##### Supplied records

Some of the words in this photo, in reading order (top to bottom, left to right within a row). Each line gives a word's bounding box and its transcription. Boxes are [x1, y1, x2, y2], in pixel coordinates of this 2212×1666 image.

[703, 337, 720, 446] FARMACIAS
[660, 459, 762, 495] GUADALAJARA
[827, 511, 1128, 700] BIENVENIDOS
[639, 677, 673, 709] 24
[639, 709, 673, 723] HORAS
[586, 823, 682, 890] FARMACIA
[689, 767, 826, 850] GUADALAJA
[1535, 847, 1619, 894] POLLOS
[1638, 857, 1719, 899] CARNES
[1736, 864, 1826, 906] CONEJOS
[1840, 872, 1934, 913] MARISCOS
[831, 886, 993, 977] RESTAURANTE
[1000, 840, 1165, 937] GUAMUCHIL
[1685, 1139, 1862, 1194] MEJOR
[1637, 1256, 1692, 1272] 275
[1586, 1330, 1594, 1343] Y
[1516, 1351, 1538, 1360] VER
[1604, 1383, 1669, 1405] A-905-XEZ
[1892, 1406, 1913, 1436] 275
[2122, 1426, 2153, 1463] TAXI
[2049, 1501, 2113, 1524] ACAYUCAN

##########

> What you need to do:
Transcribe the entire listing above precisely.

> Output:
Some of the words in this photo, in reading order (top to bottom, left to right within a row). Each line gives a word's bounding box and its transcription. Boxes are [x1, y1, x2, y2], in pixel coordinates of this 2212×1666 image.

[703, 337, 720, 446] FARMACIAS
[660, 459, 762, 495] GUADALAJARA
[827, 511, 1128, 700] BIENVENIDOS
[639, 677, 673, 709] 24
[639, 709, 673, 723] HORAS
[586, 823, 682, 890] FARMACIA
[689, 767, 826, 850] GUADALAJA
[1535, 847, 1619, 894] POLLOS
[1638, 857, 1719, 899] CARNES
[1736, 864, 1826, 906] CONEJOS
[1840, 872, 1934, 913] MARISCOS
[831, 886, 993, 977] RESTAURANTE
[1000, 840, 1165, 937] GUAMUCHIL
[1685, 1139, 1862, 1194] MEJOR
[1637, 1256, 1692, 1272] 275
[1586, 1330, 1594, 1343] Y
[1516, 1351, 1538, 1360] VER
[1604, 1383, 1669, 1405] A-905-XEZ
[1892, 1406, 1913, 1436] 275
[2122, 1426, 2153, 1463] TAXI
[2049, 1501, 2113, 1524] ACAYUCAN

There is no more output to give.